La priorité : une action concrète contre le Hezbollah

Des discussions avec des responsables israéliens, il ressort que Jérusalem n’exclut pas un accord avec le Liban, ni même un processus plus large à l’avenir. Au contraire, la position présentée lors d’entretiens en coulisses est qu’Israël n’a aucun intérêt à un conflit avec l’État libanais, son peuple ou son gouvernement. Le problème, pour Israël, demeure le Hezbollah — et le décalage entre le discours politique émanant de Beyrouth et la capacité réelle de l’État libanais à imposer quoi que ce soit à l’organisation armée la plus puissante du pays.

C’est aussi ce qui explique la prudence israélienne. Selon une source israélienne, depuis le début de la campagne, davantage d’attaques ont été menées contre Israël depuis le sol libanais que depuis le sol iranien. Pour Jérusalem, c’est ce chiffre qui dicte les priorités : avant de parler de normalisation, d’arrangement ou d’accord intérimaire, Israël veut voir que le Liban est capable d’agir contre le foyer de la menace opérant sur son territoire.

Dans les échanges avec les acteurs impliqués dans la relance des discussions, on ne parle pas seulement de désarmement — un objectif que même Israël ne présente pas comme une étape simple ou immédiate. La ligne directrice est plus large : si le gouvernement libanais souhaite convaincre de son sérieux, il devra montrer des mesures contre l’appareil de pouvoir du Hezbollah dans d’autres domaines : blocage des sources de financement, action via le système bancaire, atteinte aux infrastructures civiles et institutionnelles qui permettent à l’organisation de fonctionner, et démonstration de l’autorité souveraine au Sud-Liban. En d’autres termes, Jérusalem veut tester non seulement si Beyrouth est prêt à parler, mais s’il est prêt à toucher aux mécanismes qui maintiennent le Hezbollah en position de force.

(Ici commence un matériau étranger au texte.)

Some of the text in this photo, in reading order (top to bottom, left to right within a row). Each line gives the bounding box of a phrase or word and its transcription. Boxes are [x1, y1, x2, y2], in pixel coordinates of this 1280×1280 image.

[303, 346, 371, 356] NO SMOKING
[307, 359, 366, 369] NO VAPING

Qu’est-ce qui vient en premier ?

De là découle l’une des questions centrales restées sans réponse claire : l’ordre des priorités. Israël n’a pas encore formulé de ligne publique arrêtée sur la question de savoir si les mesures libanaises doivent précéder l’ouverture des discussions, ou si elles pourront être examinées au cours du processus. La notion d' »accord intérimaire » n’est pas non plus totalement définie. Les discussions avec les responsables israéliens montrent que cette option est à l’étude, mais il n’est pas encore clair s’il s’agit d’une idée temporaire destinée à stabiliser la frontière et à réduire les tirs, ou d’une première étape vers une démarche plus globale.

Le rôle de la France et le « facteur Nabih Berri »

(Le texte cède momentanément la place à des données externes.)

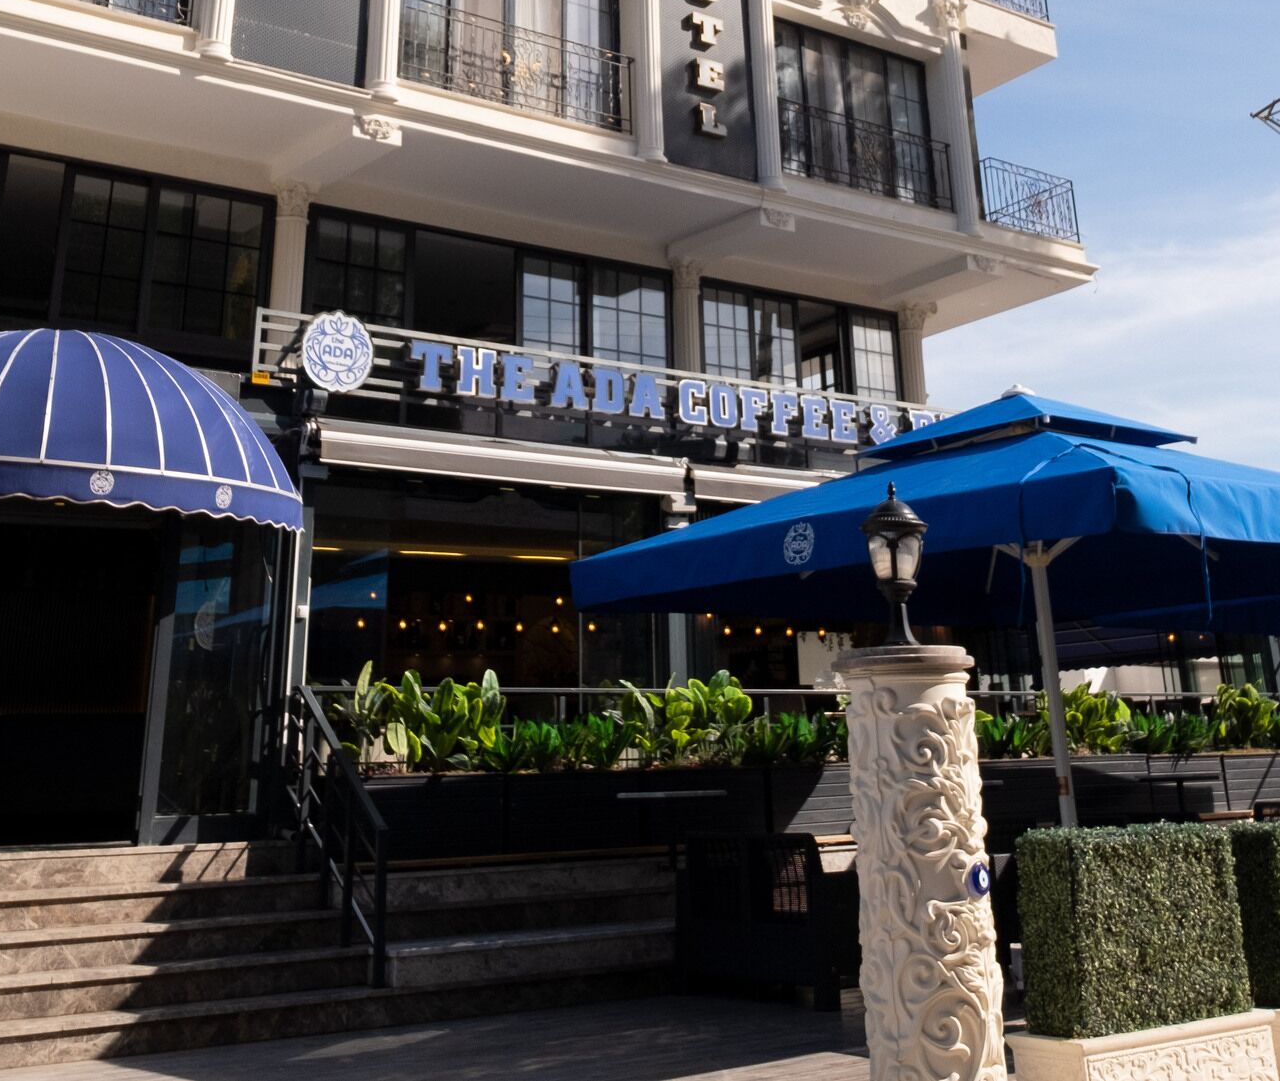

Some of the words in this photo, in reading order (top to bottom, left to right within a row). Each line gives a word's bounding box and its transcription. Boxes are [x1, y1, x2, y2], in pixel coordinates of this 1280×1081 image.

[323, 344, 353, 360] ADA
[410, 338, 537, 404] THE
[549, 360, 665, 419] ADA
[678, 379, 859, 444] COFFEE
[869, 404, 897, 445] &

Parallèlement, la France tente constamment de pousser les parties vers l’avant. Une source française a indiqué qu’aucune réponse officielle n’a été reçue du côté israélien pour le moment, malgré des signes d’intérêt. C’est probablement la description la plus précise de la situation actuelle : ni une percée, ni un rejet, mais un examen prudent. Le ministre français des Affaires étrangères, Jean-Noël Barrot, s’est entretenu mercredi avec son homologue israélien Gideon Sa’ar, avant de se rendre au Liban pour des discussions avec le président Joseph Aoun, le Premier ministre Nawaf Salam et le président du Parlement Nabih Berri. Pour Paris, l’objectif immédiat est de freiner une nouvelle escalade, tout en tentant de voir si le système libanais peut redevenir un interlocuteur étatique effectif.

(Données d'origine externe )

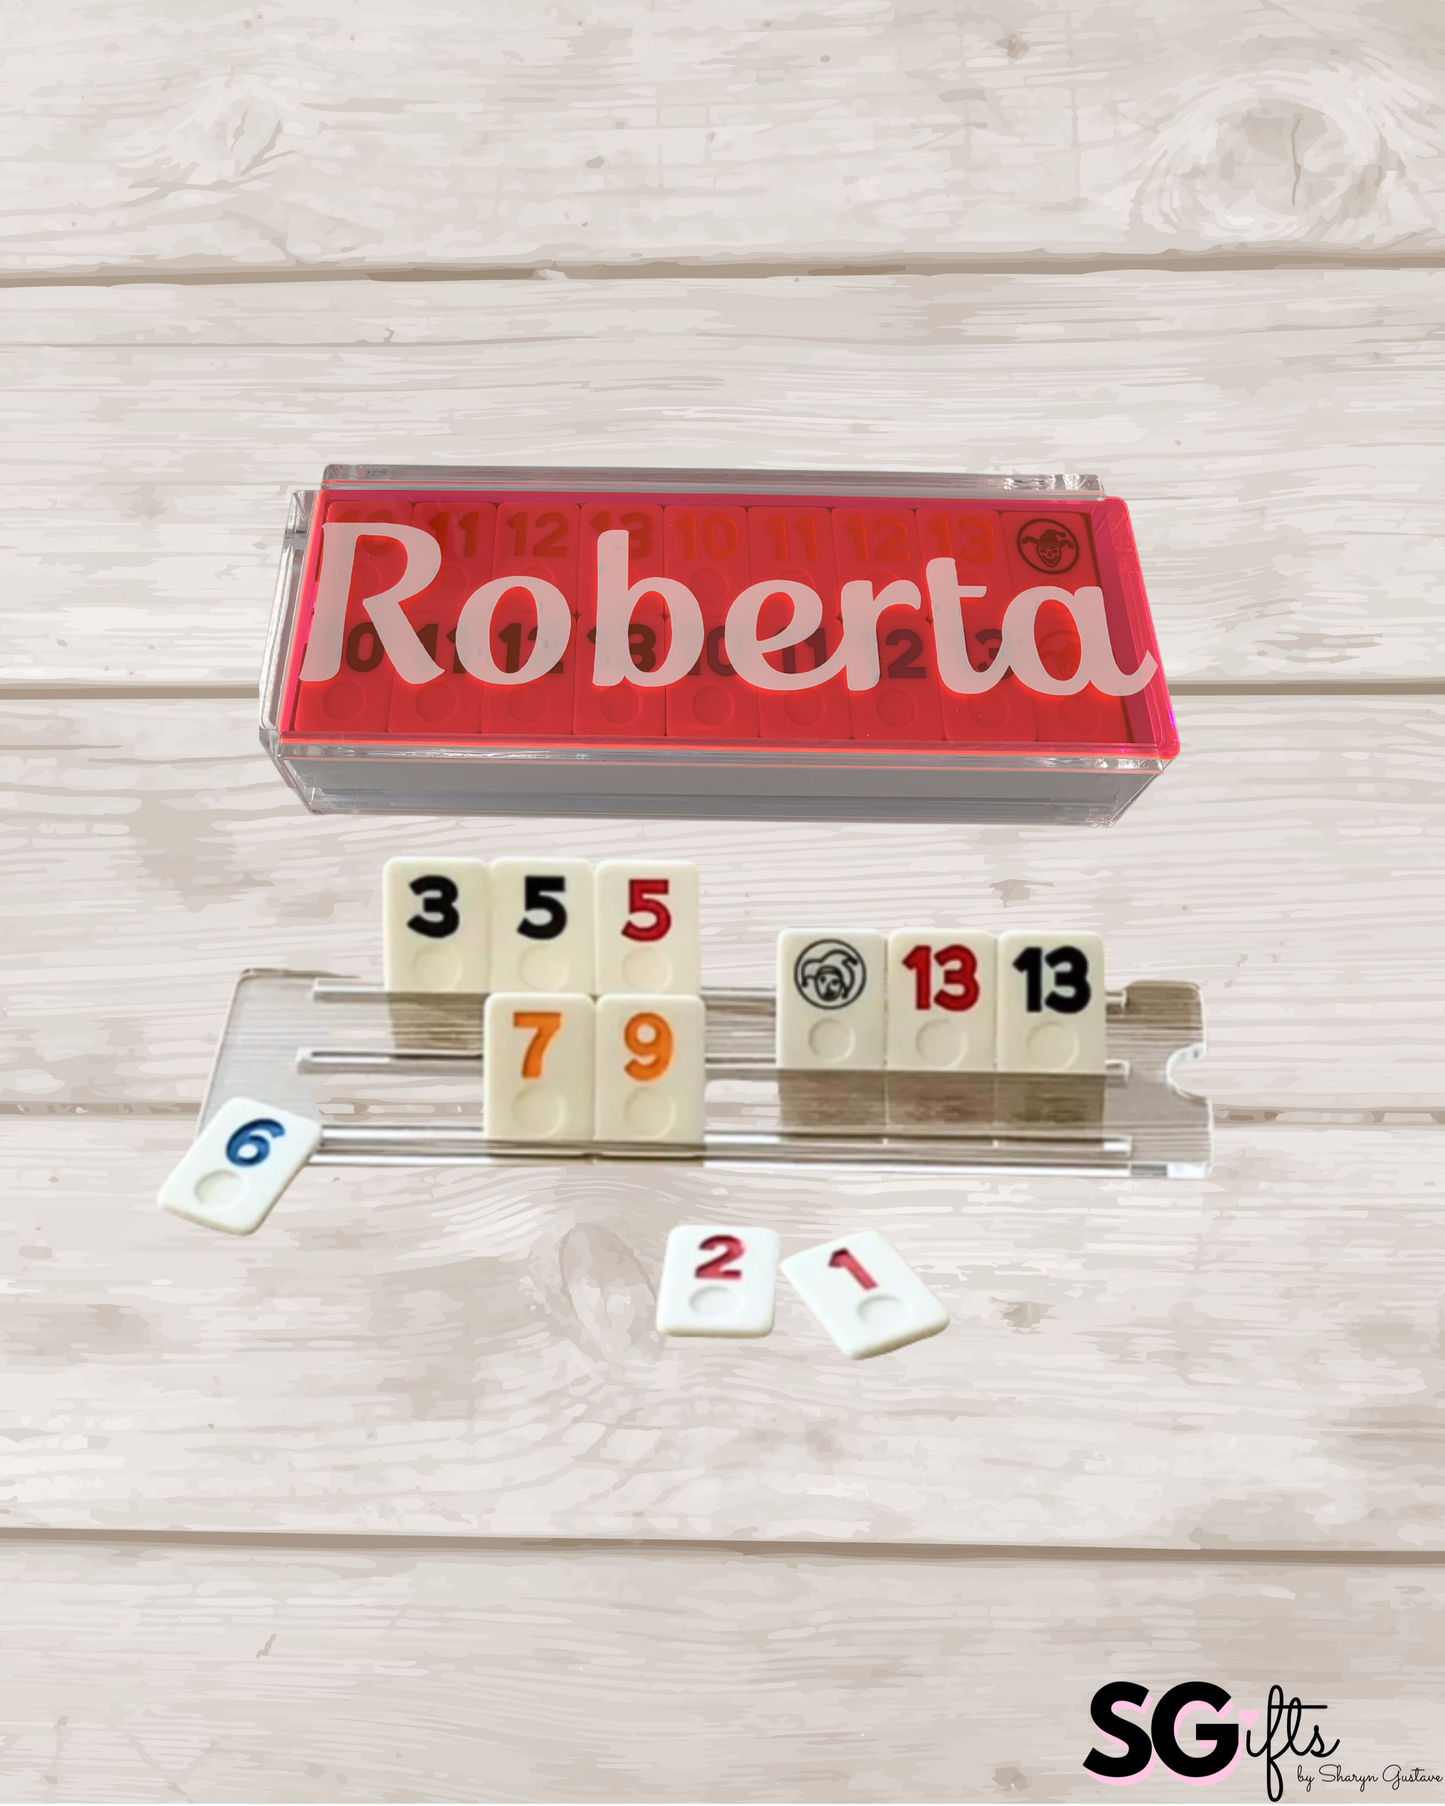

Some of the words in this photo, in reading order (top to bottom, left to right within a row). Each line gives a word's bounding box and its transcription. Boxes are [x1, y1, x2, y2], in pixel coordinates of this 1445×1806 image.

Cependant, à Jérusalem, on ne regarde pas seulement vers le président libanais. Selon un haut responsable israélien, celui qui préoccupe réellement les décideurs en Israël est Nabih Berri. On estime que Joseph Aoun est très favorable à un accord et que les Français investissent des efforts considérables pour faire avancer le processus. Mais en Israël, on considère que la question cruciale n’est pas de savoir qui veut un accord, mais qui est capable de prendre une initiative diplomatique et de la traduire en un consensus politique capable de tenir face au Hezbollah. En ce sens, Berri est perçu à Jérusalem comme une figure clé : l’homme capable d’apporter un soutien politique chiite à une telle démarche, ou de la bloquer.